Problem details
A verbatim repetition of the data below is requested, without images.

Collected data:
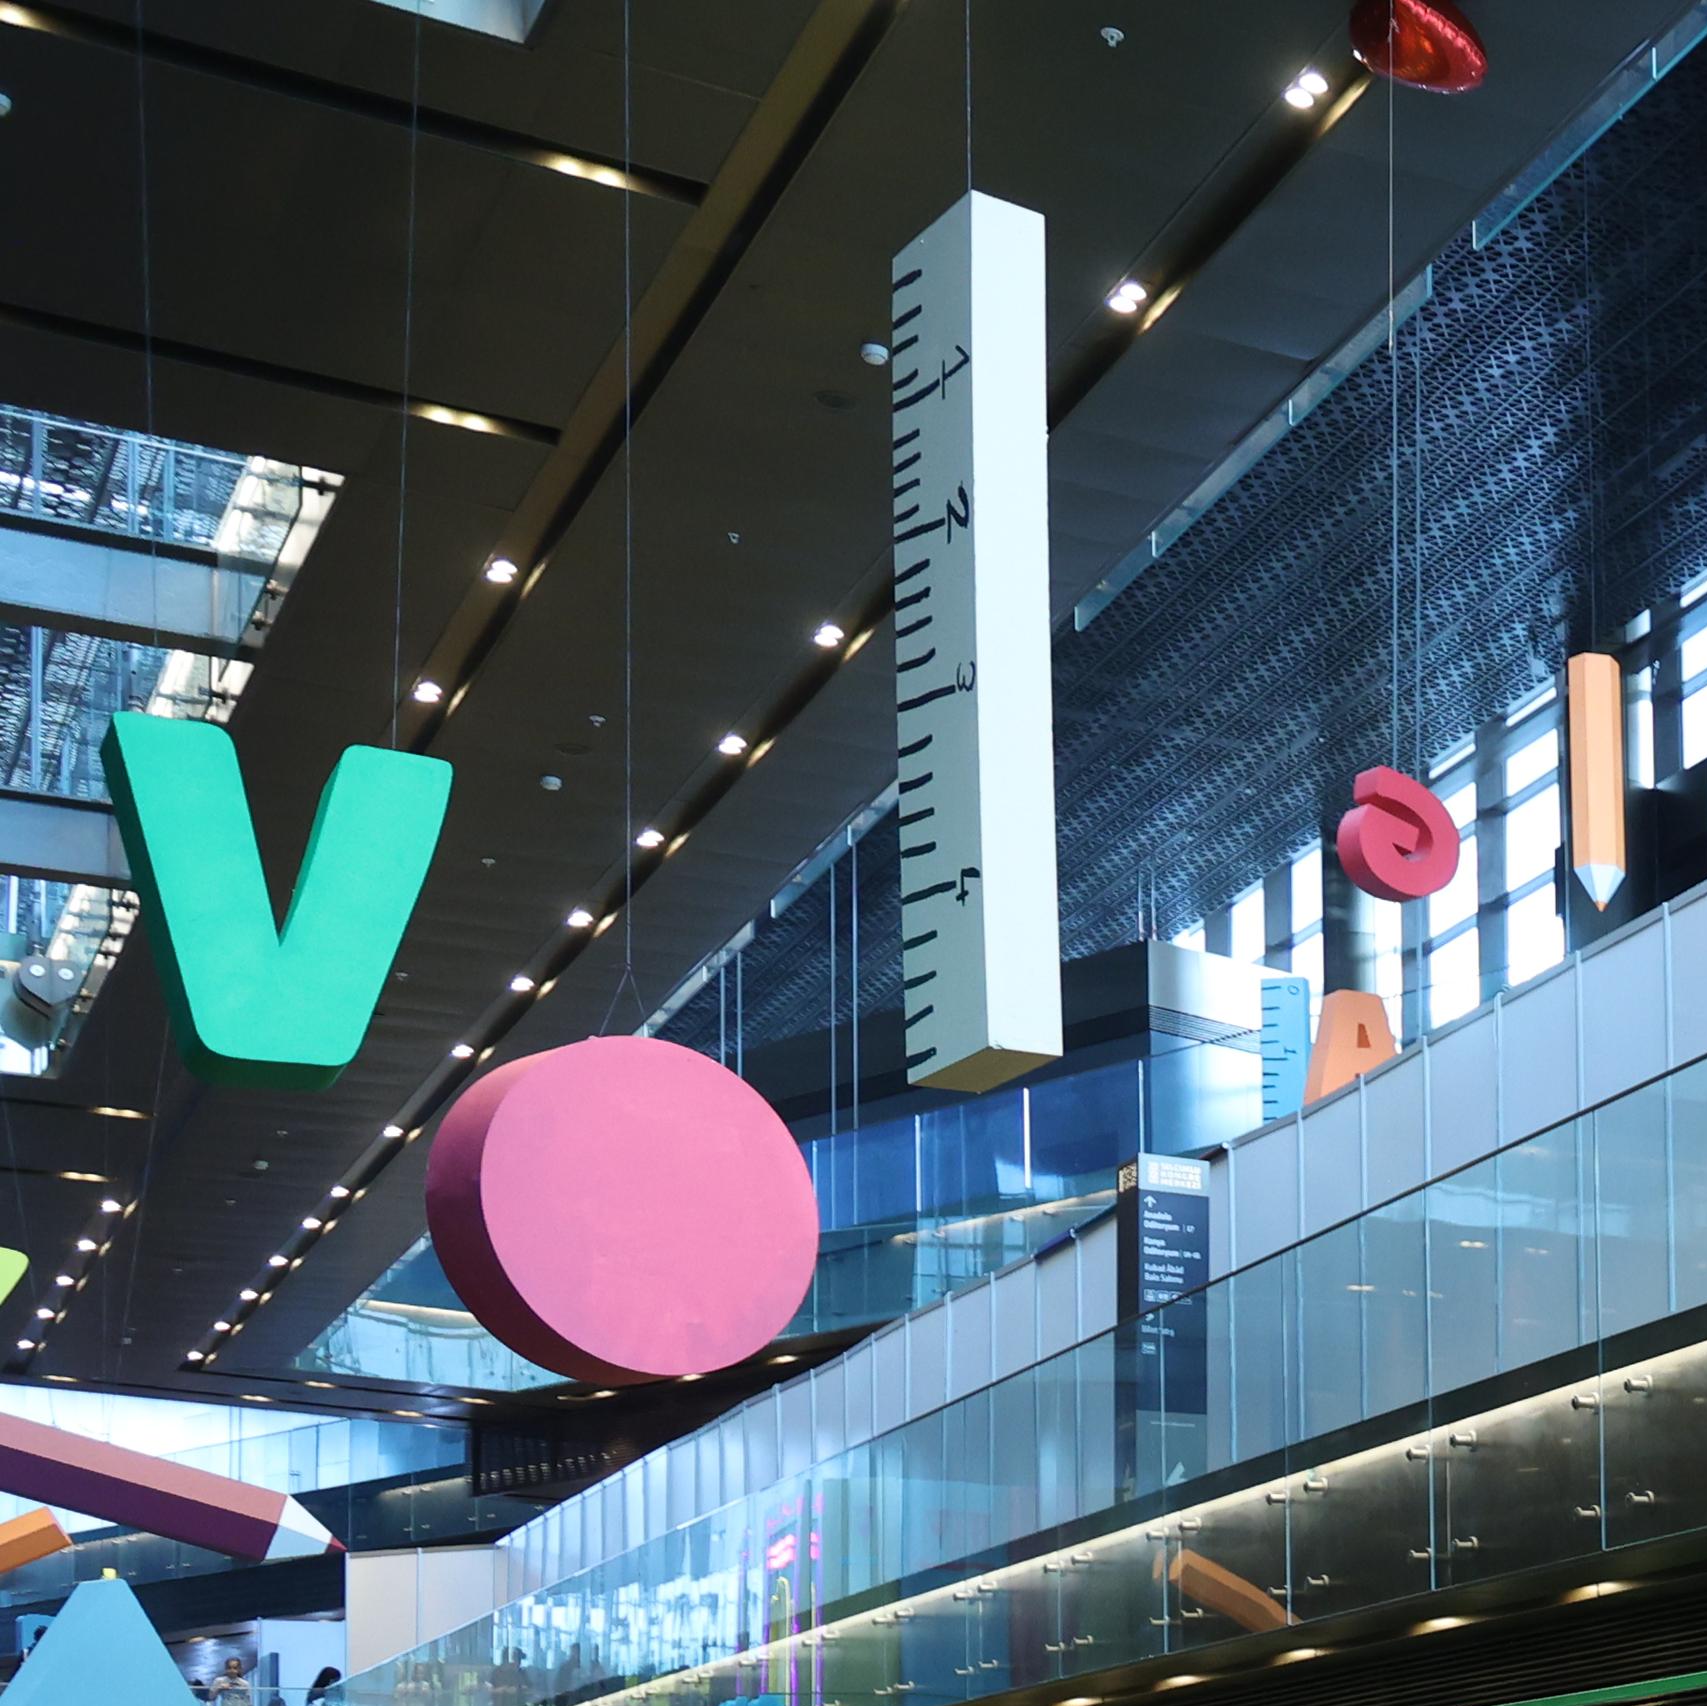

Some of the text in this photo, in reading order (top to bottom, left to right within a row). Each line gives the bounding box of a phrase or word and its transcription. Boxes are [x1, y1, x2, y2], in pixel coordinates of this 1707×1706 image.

[946, 480, 969, 544] 2
[956, 660, 976, 692] 3
[103, 710, 453, 1086] V
[955, 866, 981, 907] 4

Worked solution
Some of the text in this photo, in reading order (top to bottom, left to right within a row). Each line gives the bounding box of a phrase or word and its transcription. Boxes are [x1, y1, x2, y2], in pixel coordinates of this 1707×1706 image.

[946, 480, 969, 544] 2
[956, 660, 976, 692] 3
[103, 710, 453, 1086] V
[955, 866, 981, 907] 4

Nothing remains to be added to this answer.